Logits: tensor([[[ -34.5644,  -34.4081,  -38.3079,  ...,  -41.6996,  -39.7801,
           -35.0520],
         [ -84.7256,  -82.9326,  -87.0166,  ...,  -91.6668,  -86.2355,
           -84.7094],
         [-109.0798, -105.7259, -109.9116,  ..., -114.2847, -107.6933,
          -105.3613]]], device='cuda:0')
Logits shape: torch.Size([1, 3, 50257])


Here we have:

- the batch dimension, which has 1 element, given that we have one sentence
- the sequence length dimension, which contains 3 tokens
- the vocabulary length dimension, which contains 50257 logits, one for each vocab

**The model has predicted a logit vector for each token in our sentence**. We can convert them into probabilities.

In [16]:
output_probas = output_logits.softmax(dim=-1)
print(f"Probabilites over vocabulary: {output_probas}")

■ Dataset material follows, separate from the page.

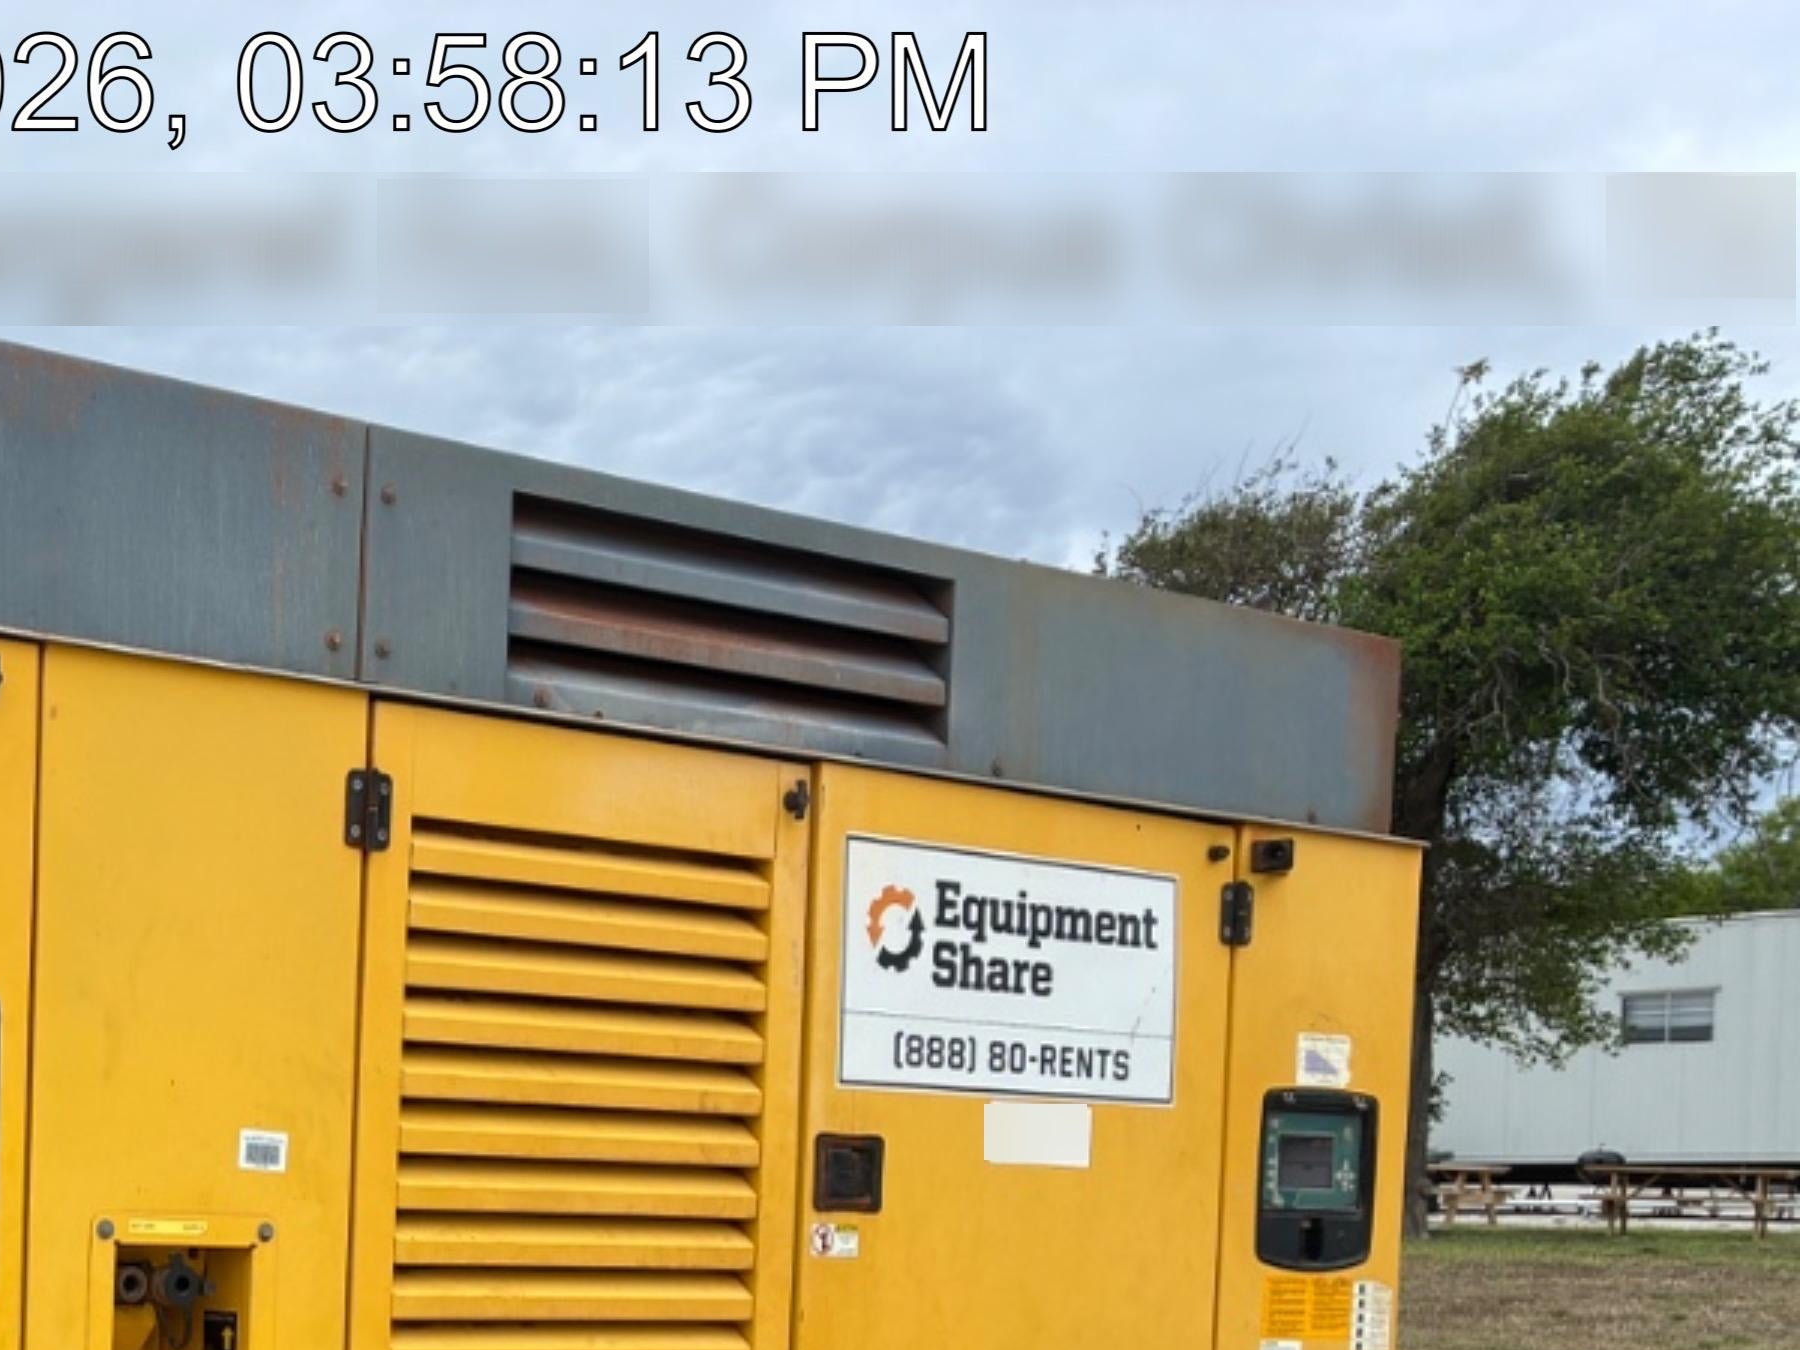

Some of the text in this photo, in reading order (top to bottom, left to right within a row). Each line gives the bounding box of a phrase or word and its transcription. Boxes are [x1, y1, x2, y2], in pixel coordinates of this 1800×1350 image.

[934, 881, 1157, 949] Equipment
[932, 941, 1053, 997] Share
[894, 1031, 1131, 1081] (888) 80-RENTS

Probabilites over vocabulary: tensor([[[8.9157e-04, 1.0424e-03, 2.1106e-05,  ..., 7.1022e-07,
          4.8419e-06, 5.4752e-04],
         [3.2892e-06, 1.9758e-05, 3.3276e-07,  ..., 3.1810e-09,
          7.2667e-07, 3.3427e-06],
         [4.0888e-07, 1.1700e-05, 1.7799e-07,  ..., 2.2447e-09,
          1.6359e-06, 1.6848e-05]]], device='cuda:0')


We can select which is the most probable **next** token at each position.

In [23]:
most_likely_next_tokens = tokenizer.batch_decode(output_logits.argmax(dim=-1)[0])
print(list(zip(tokenizer.tokenize(text), most_likely_next_tokens)))

[('Once', ' the'), ('Ġupon', ' a'), ('Ġa', ' time')]


Given this output, the next token will be...

In [24]:
next_token = output_logits[0, -1].argmax(dim=-1) #retrieve next token id
next_char = tokenizer.decode(next_token)
print(
    "The next token is:", repr(next_char)
)  # repr is to show special tokens and spaces
print("How the sentence becomes: ", text + next_char)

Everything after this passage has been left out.